Core concepts to adopt (from multiple proposals):

Concept Source Why
decision_origin flag fable-5 Cleanly gates which rewrite subset applies; preserves llm_failed protection
tick as sole iteration incrementer fable-5, gpt-5.4 Prevents drift in attempt tracking
Deterministic ladder in select fable-5 Preserves exact ordering of today's early returns
Single decision_policy / enforce_policy node gpt-5.4, gpt-5.5, kimi-2.6 Avoids graph noise from splitting every rewrite
Phase 1: extract without rewiring fable-5, gpt-5.5, opus Keeps tests green at every step
Bump planner thread namespace fable-5 Concrete mitigation for in-flight checkpoint breakage
Anti-patterns list gpt-5.4 "Don't mutate state in edge functions," "Don't split every rule"

The sweet spot is between glm-5.1's 2 nodes (too few) and opus's 14 nodes (too many). The fable-5 proposal's 5 nodes (tick, prepare, select, decide, guard) is the right granularity.
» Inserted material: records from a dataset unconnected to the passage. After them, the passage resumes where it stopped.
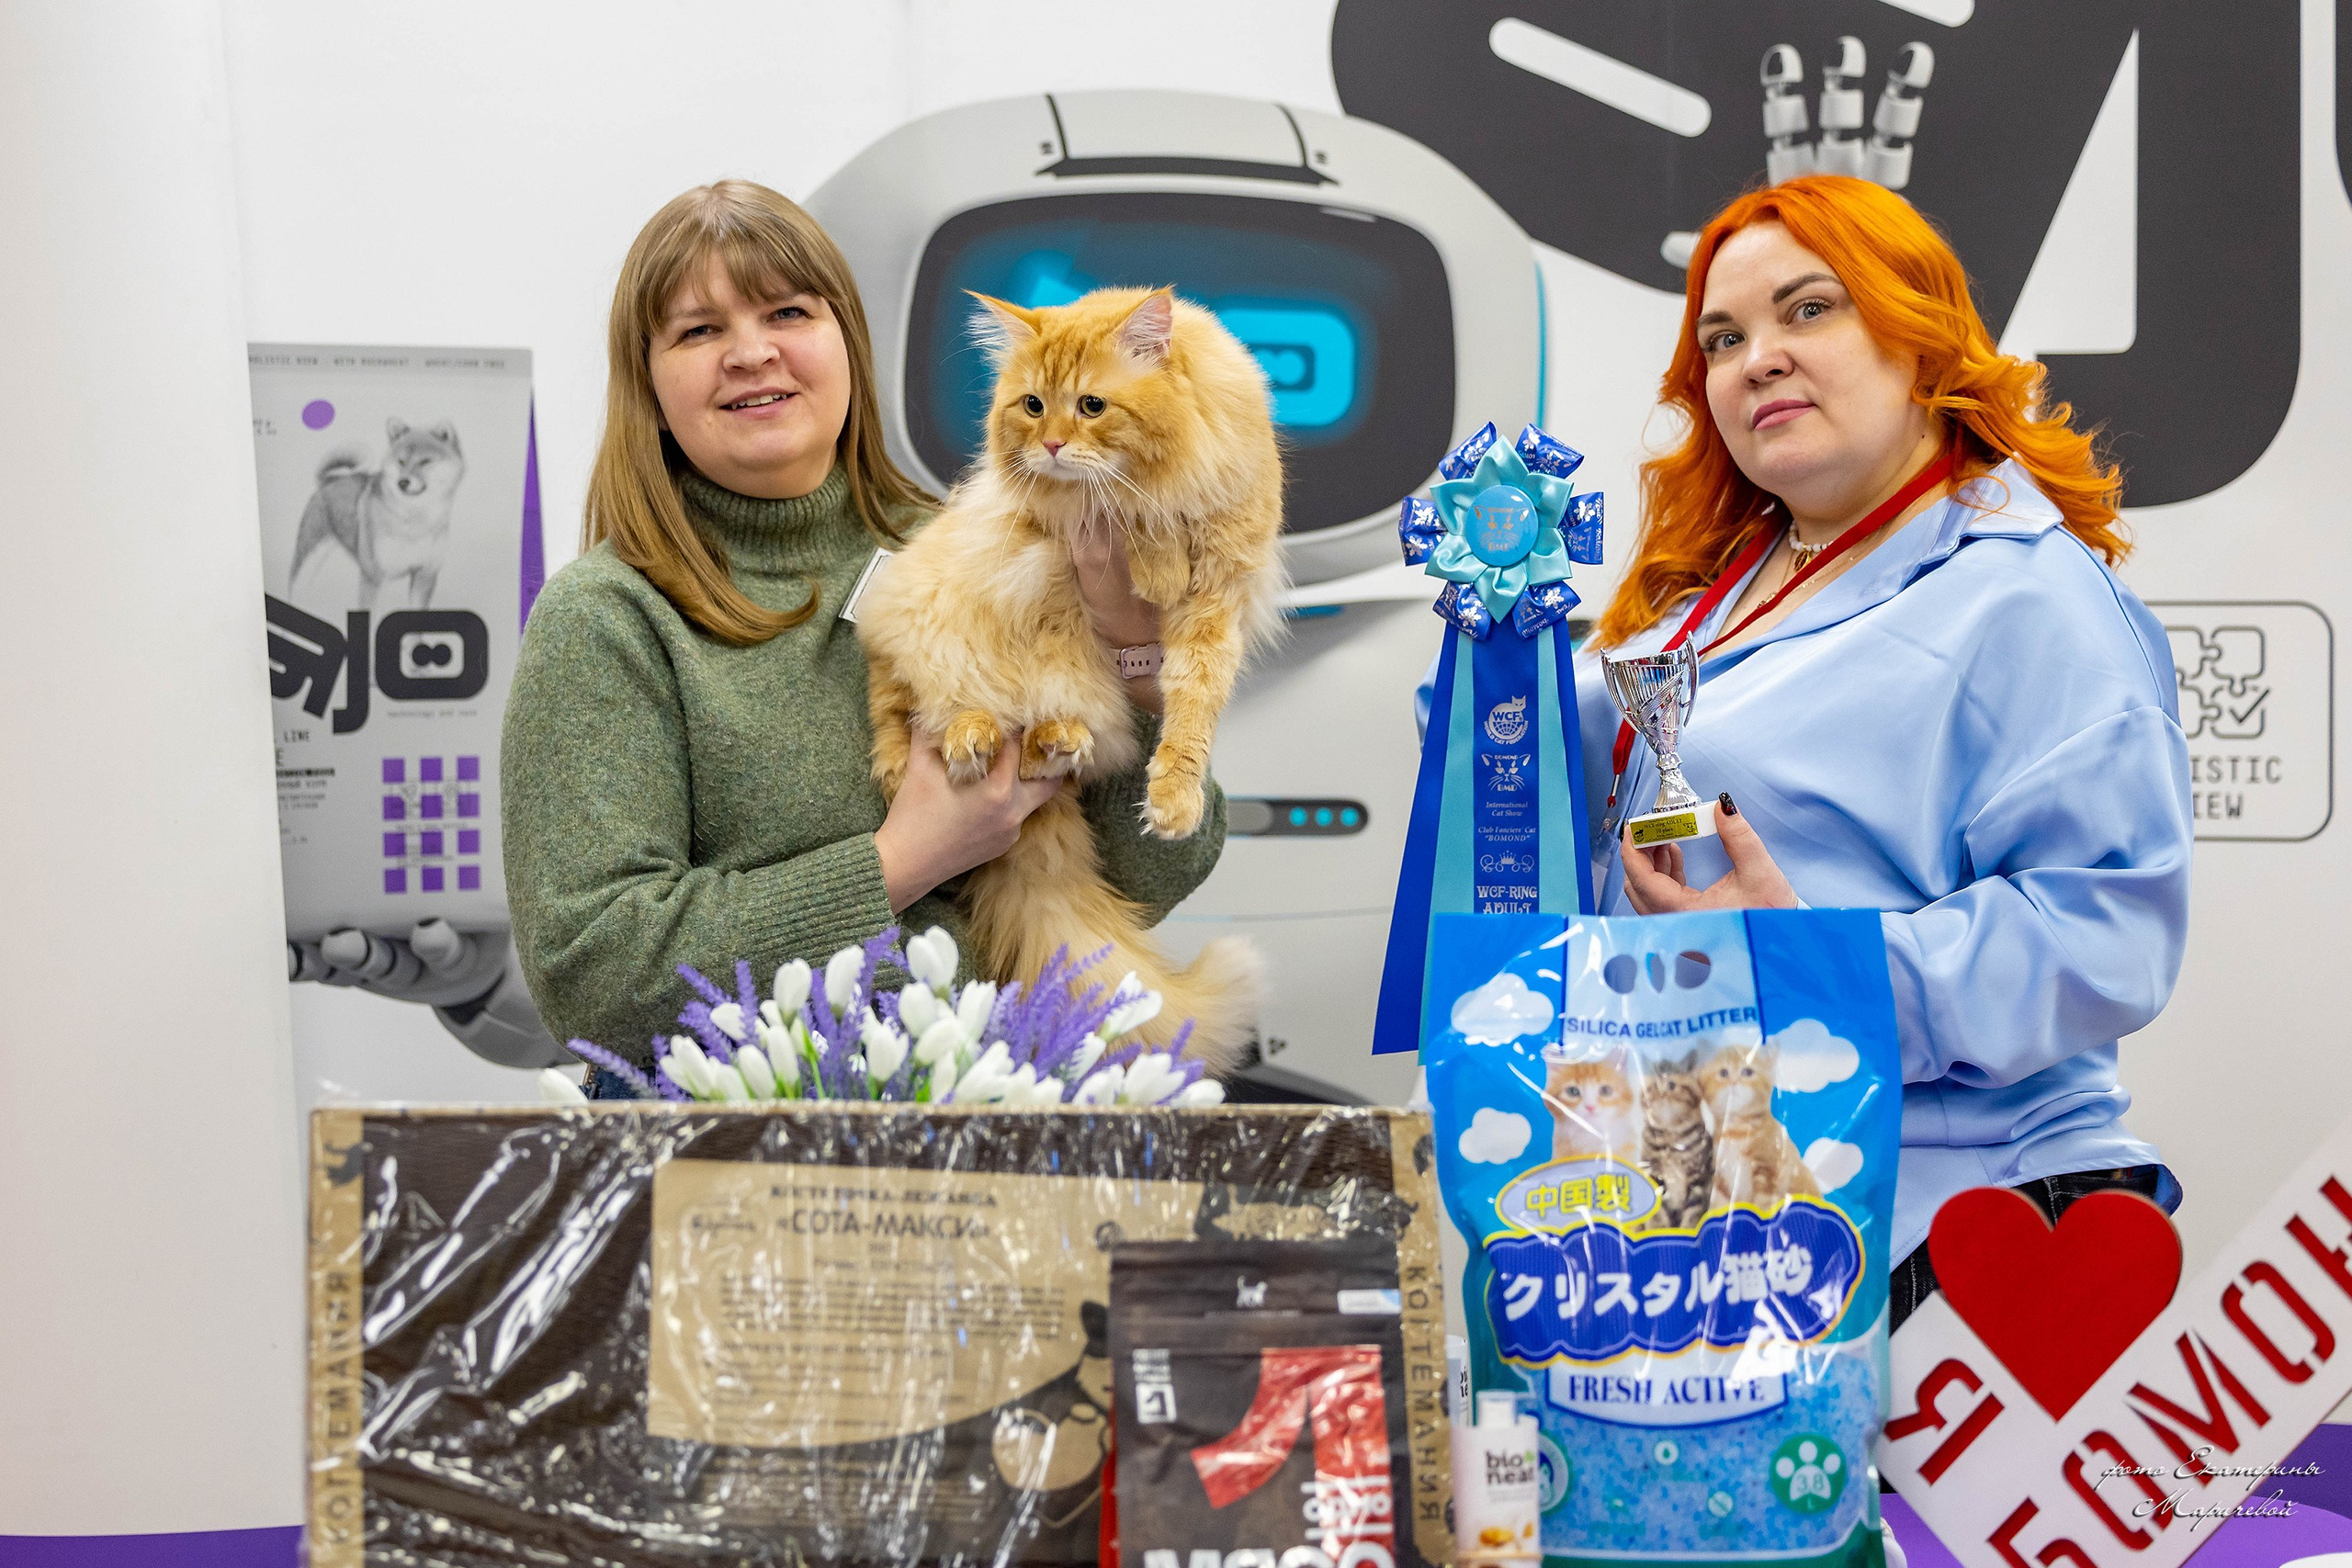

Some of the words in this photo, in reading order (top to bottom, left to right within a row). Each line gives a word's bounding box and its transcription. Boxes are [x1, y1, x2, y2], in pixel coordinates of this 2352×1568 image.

[1492, 711, 1521, 722] WCF
[2189, 755, 2283, 784] ISTIC
[2193, 793, 2244, 819] IEW
[1476, 886, 1538, 899] WCF-RING
[1566, 1018, 1631, 1038] SILICA
[1686, 1006, 1758, 1033] LITTER
[1503, 1244, 1814, 1322] クリスタル猫砂
[1568, 1375, 1652, 1404] FRESH
[1883, 1358, 2005, 1486] Я
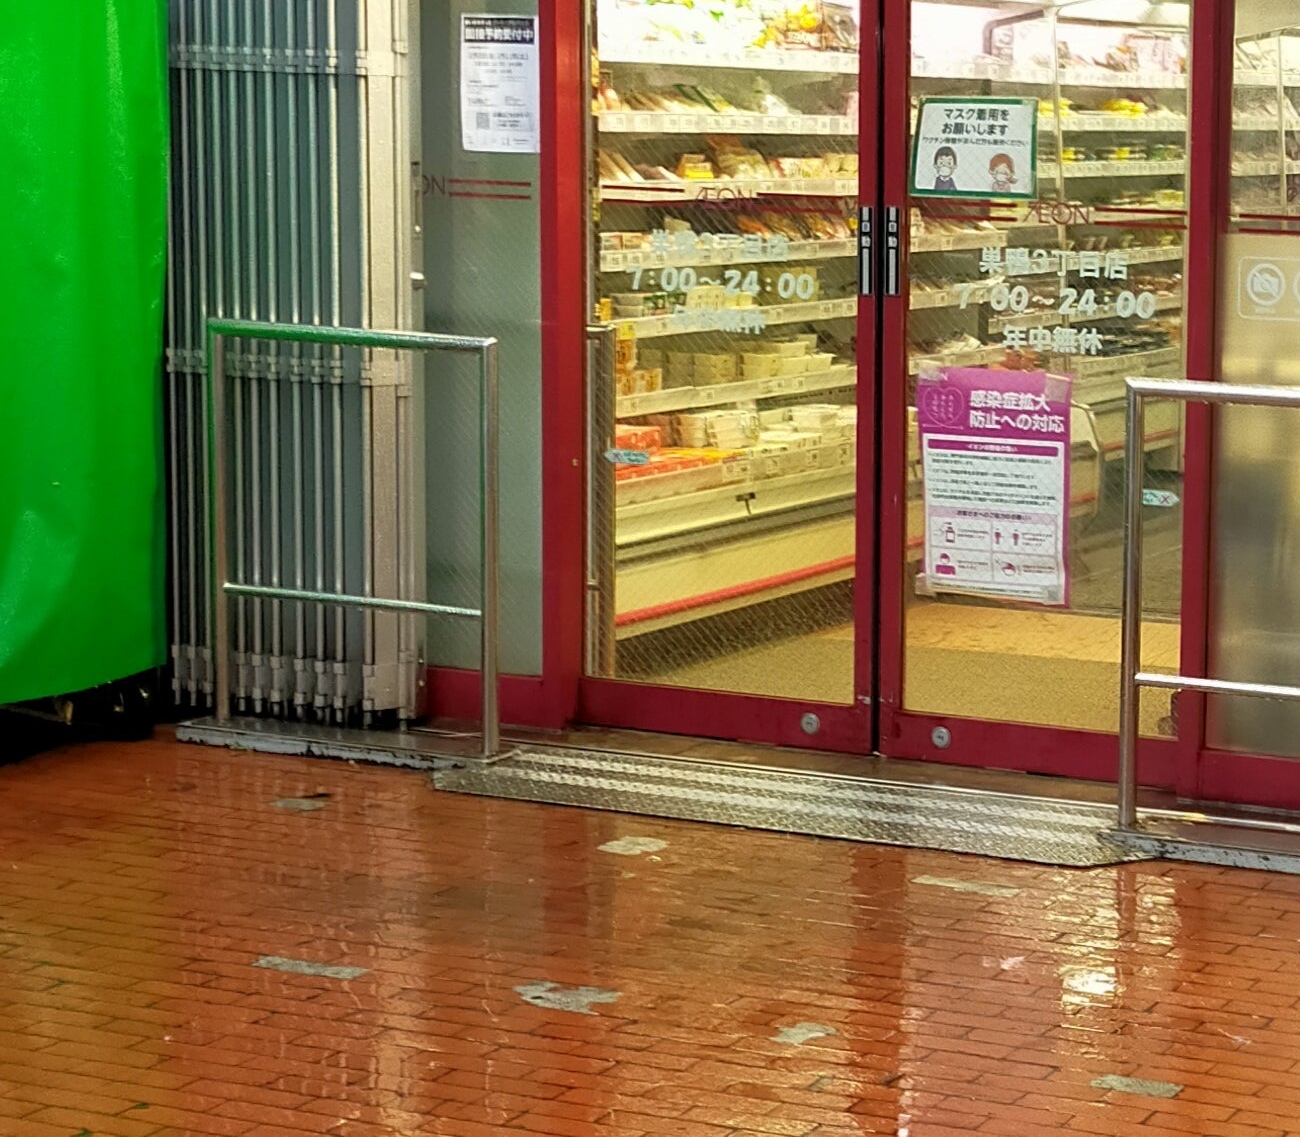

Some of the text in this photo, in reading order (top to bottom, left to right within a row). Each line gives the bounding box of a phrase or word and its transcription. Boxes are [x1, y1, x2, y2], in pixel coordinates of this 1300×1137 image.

  1. Extract helpers without graph changes — plan_node becomes thin sequential composition
  2. Add decision_origin and llm_failed to State — serializer-compatible with defaults
  3. Rewire graph — register 5 nodes, add conditional edges, bump thread namespace
  4. Delete plan_node — update tests and docs

What NOT to do:

  • Don't split correctors into individual nodes. A single enforce_policy / guard node handles all post-LLM rewrites. The sequential chain adds checkpoint writes with zero routing benefit.
  • Don't add _route to state. Use decision_origin + decision.action for routing. Transient routing fields pollute checkpoints.
  • Don't make plan self-loop. Decomposition belongs in prepare, not as a post-LLM loop.
  • Don't move state mutation into edge functions. Edge functions should be pure predicates.
  • Don't split region/currency into separate nodes. One bootstrap_gate or include in tick.